Data listing:
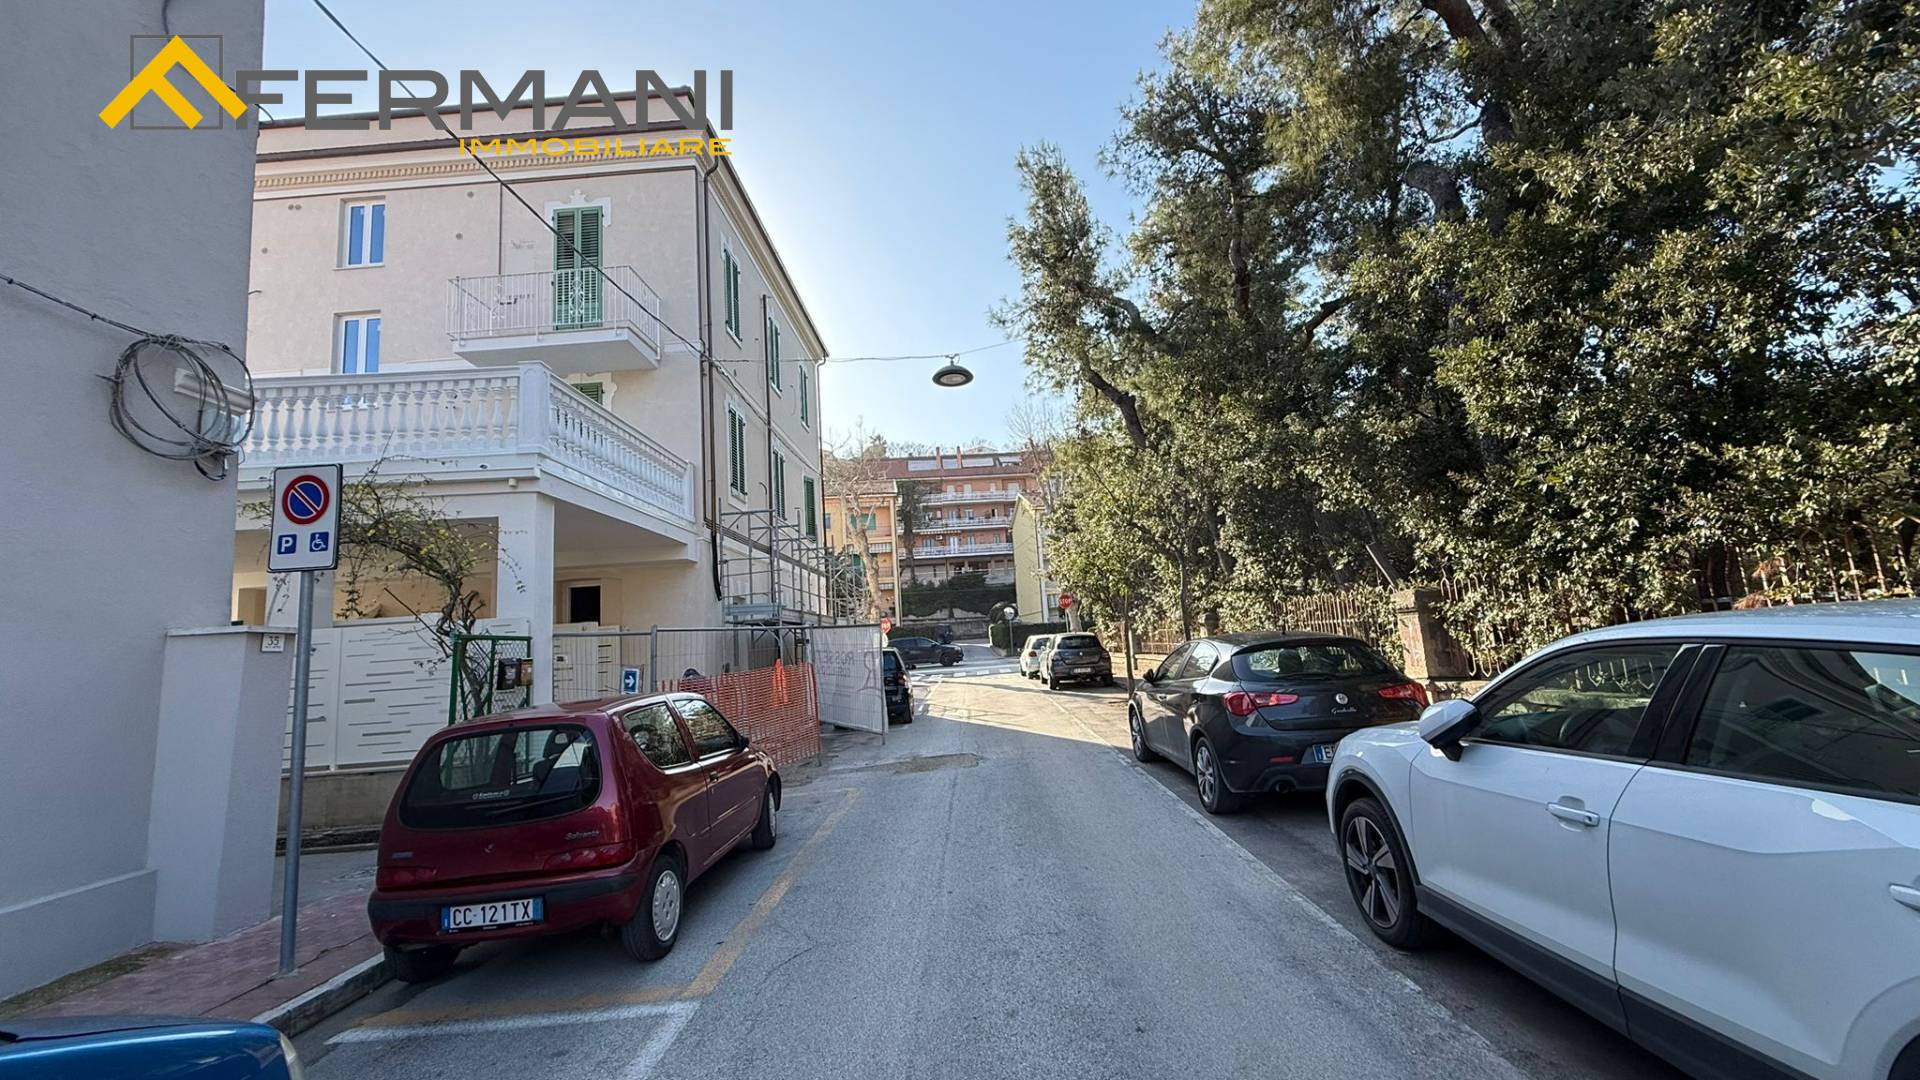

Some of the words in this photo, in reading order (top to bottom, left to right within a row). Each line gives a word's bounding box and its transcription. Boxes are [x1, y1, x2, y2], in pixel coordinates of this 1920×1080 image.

[281, 536, 293, 552] P
[453, 907, 472, 926] CC
[481, 901, 530, 924] 121TX
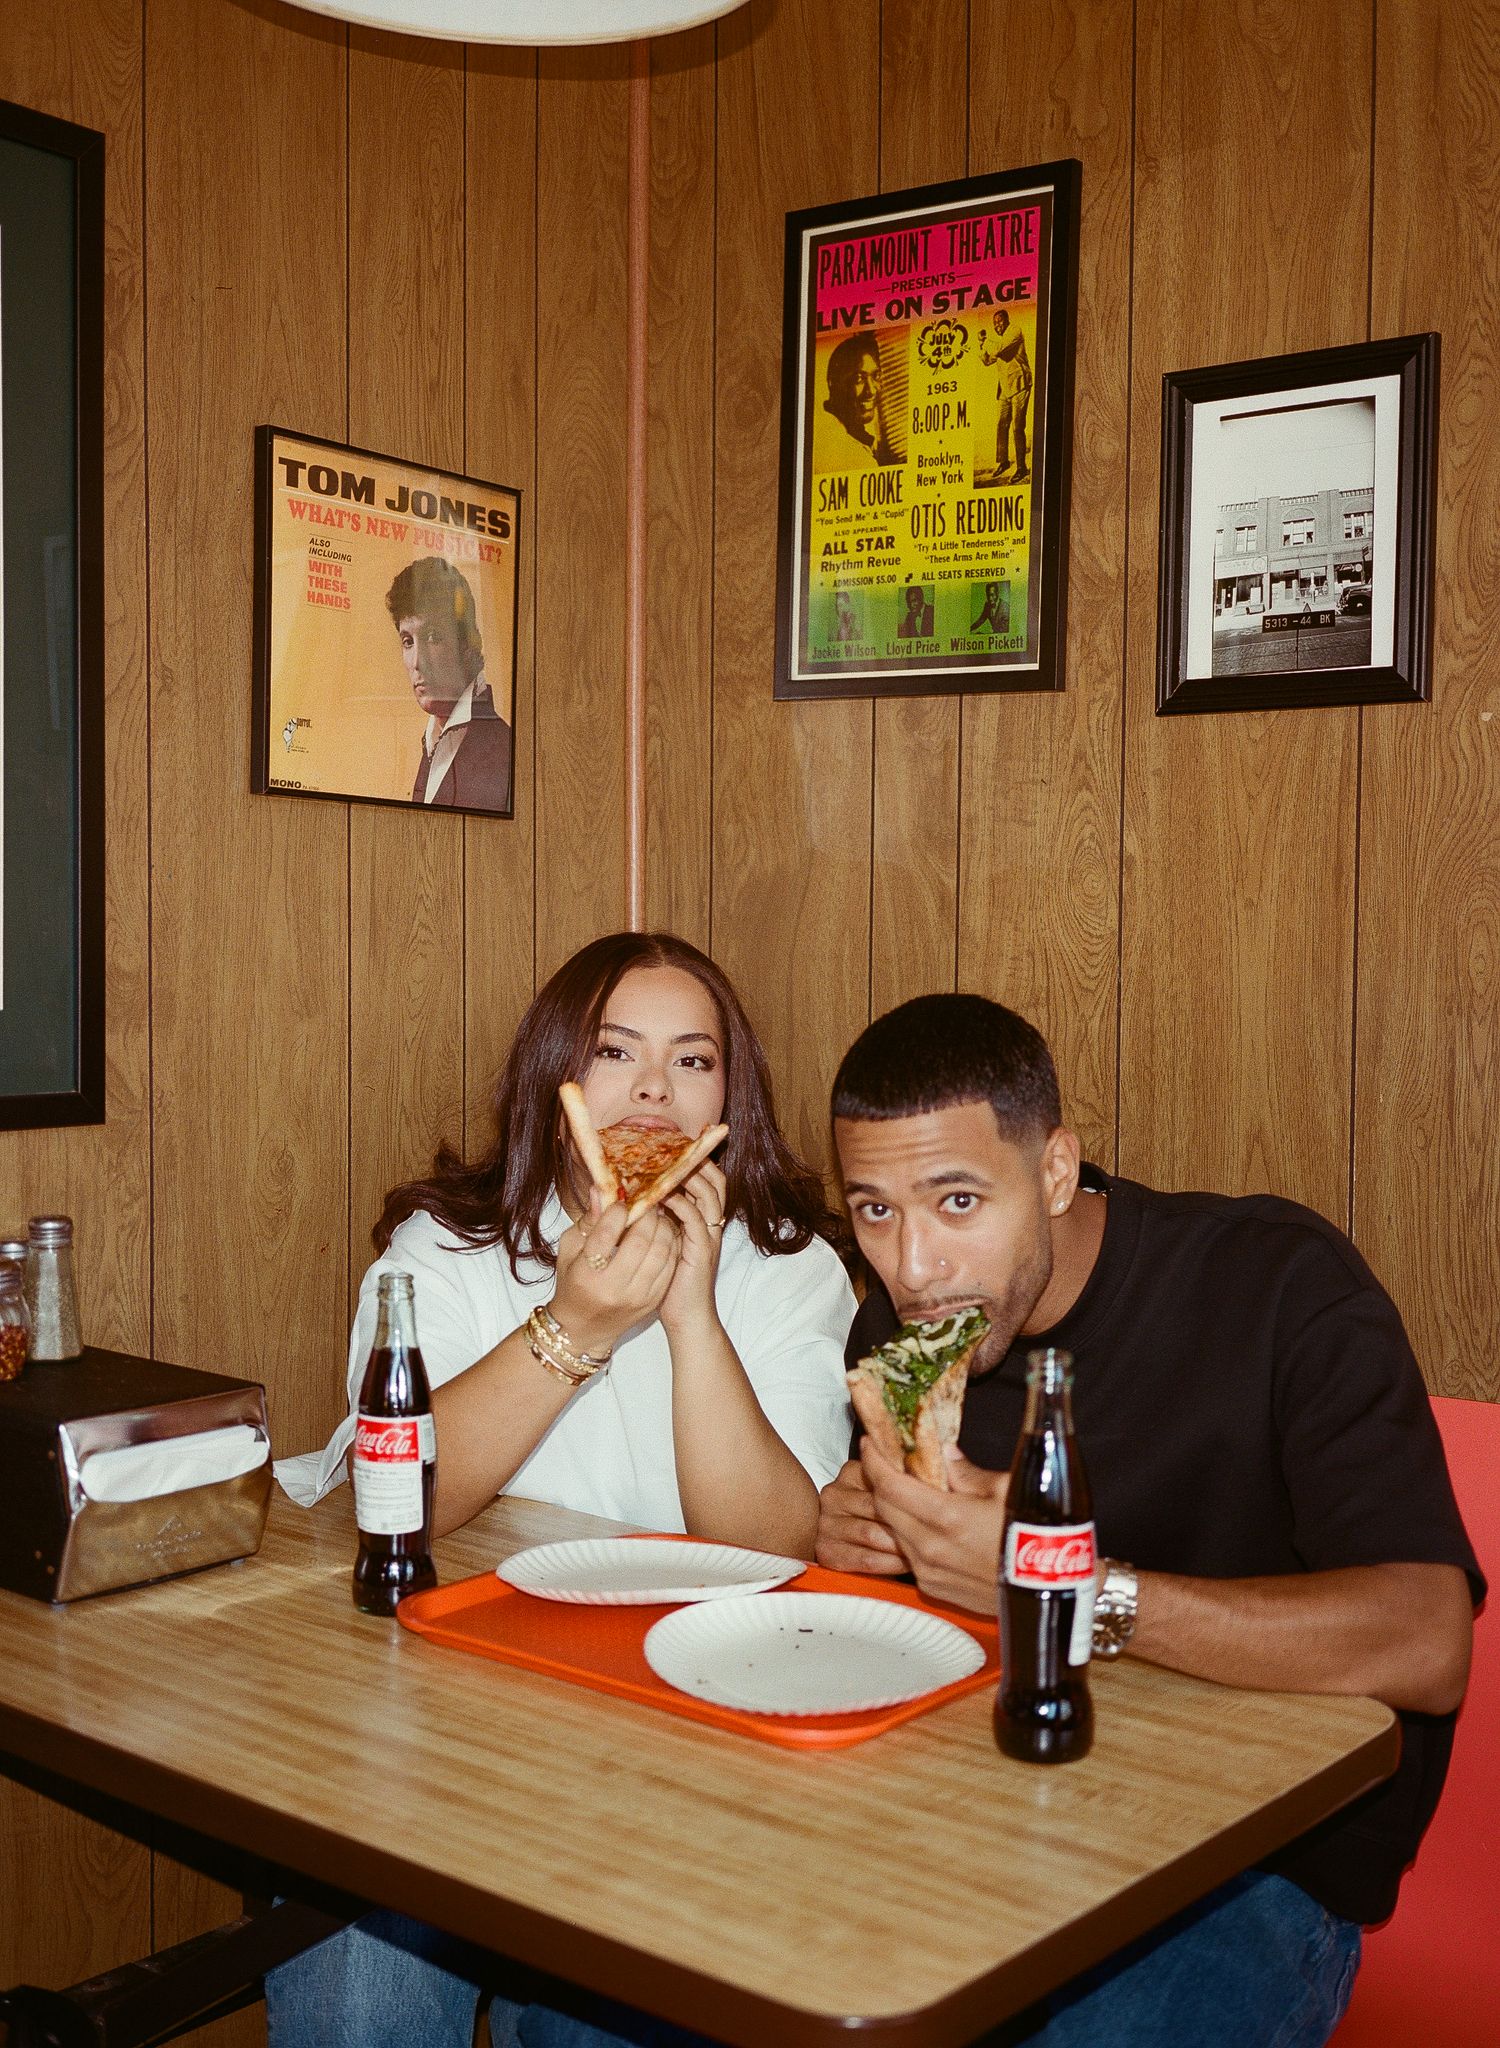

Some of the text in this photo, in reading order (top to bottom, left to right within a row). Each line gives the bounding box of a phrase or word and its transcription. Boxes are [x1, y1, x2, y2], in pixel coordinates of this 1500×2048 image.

[820, 210, 1035, 289] PARAMOUNT THEATRE
[891, 272, 956, 293] PRESENTS
[817, 277, 1032, 332] LIVE ON STAGE
[929, 333, 956, 346] JULY
[932, 346, 952, 358] 4th
[927, 381, 958, 396] 1963
[918, 453, 964, 470] Brooklyn,
[916, 470, 964, 488] New York
[279, 456, 510, 539] TOM JONES
[818, 470, 904, 512] SAM COOKE
[288, 498, 361, 532] WHAT'S
[366, 517, 409, 543] NEW
[836, 515, 852, 524] Send
[873, 512, 878, 520] &
[911, 495, 1024, 539] OTIS REDDING
[853, 526, 888, 534] APPEARING
[309, 537, 330, 548] ALSO
[823, 536, 895, 556] ALL STAR
[940, 542, 958, 550] Little
[1012, 536, 1026, 545] and
[309, 548, 352, 562] INCLUDING
[953, 554, 972, 562] Arms
[976, 552, 988, 560] Are
[308, 560, 342, 577] WITH
[821, 556, 901, 573] Rhythm Revue
[833, 574, 896, 587] ADMISSION $5.00
[922, 567, 1005, 580] ALL SEATS RESERVED
[308, 575, 347, 593] THESE
[307, 591, 350, 610] HANDS
[1265, 617, 1288, 628] 5313
[1320, 614, 1331, 624] BK
[887, 641, 940, 658] Lloyd Price
[950, 636, 1024, 651] Wilson Pickett
[813, 647, 840, 660] Jackie
[270, 778, 301, 788] MONO
[356, 1425, 414, 1455] Coca-Cola

Instructions to follow: With pictures excluded, the material is to be written out exactly as given.

Response:
Some of the words in this photo, in reading order (top to bottom, left to right within a row). Each line gives a word's bounding box and its transcription. Boxes are [x1, y1, x2, y2], in pixel coordinates of this 1920×1080 image.

[281, 536, 293, 552] P
[453, 907, 472, 926] CC
[481, 901, 530, 924] 121TX

Some of the text in this photo, in reading order (top to bottom, left to right within a row). Each line gives the bounding box of a phrase or word and its transcription. Boxes are [x1, y1, x2, y2], in pixel coordinates of this 1500×2048 image.

[820, 210, 1035, 289] PARAMOUNT THEATRE
[891, 272, 956, 293] PRESENTS
[817, 277, 1032, 332] LIVE ON STAGE
[929, 333, 956, 346] JULY
[932, 346, 952, 358] 4th
[927, 381, 958, 396] 1963
[918, 453, 964, 470] Brooklyn,
[916, 470, 964, 488] New York
[279, 456, 510, 539] TOM JONES
[818, 470, 904, 512] SAM COOKE
[288, 498, 361, 532] WHAT'S
[366, 517, 409, 543] NEW
[836, 515, 852, 524] Send
[873, 512, 878, 520] &
[911, 495, 1024, 539] OTIS REDDING
[853, 526, 888, 534] APPEARING
[309, 537, 330, 548] ALSO
[823, 536, 895, 556] ALL STAR
[940, 542, 958, 550] Little
[1012, 536, 1026, 545] and
[309, 548, 352, 562] INCLUDING
[953, 554, 972, 562] Arms
[976, 552, 988, 560] Are
[308, 560, 342, 577] WITH
[821, 556, 901, 573] Rhythm Revue
[833, 574, 896, 587] ADMISSION $5.00
[922, 567, 1005, 580] ALL SEATS RESERVED
[308, 575, 347, 593] THESE
[307, 591, 350, 610] HANDS
[1265, 617, 1288, 628] 5313
[1320, 614, 1331, 624] BK
[887, 641, 940, 658] Lloyd Price
[950, 636, 1024, 651] Wilson Pickett
[813, 647, 840, 660] Jackie
[270, 778, 301, 788] MONO
[356, 1425, 414, 1455] Coca-Cola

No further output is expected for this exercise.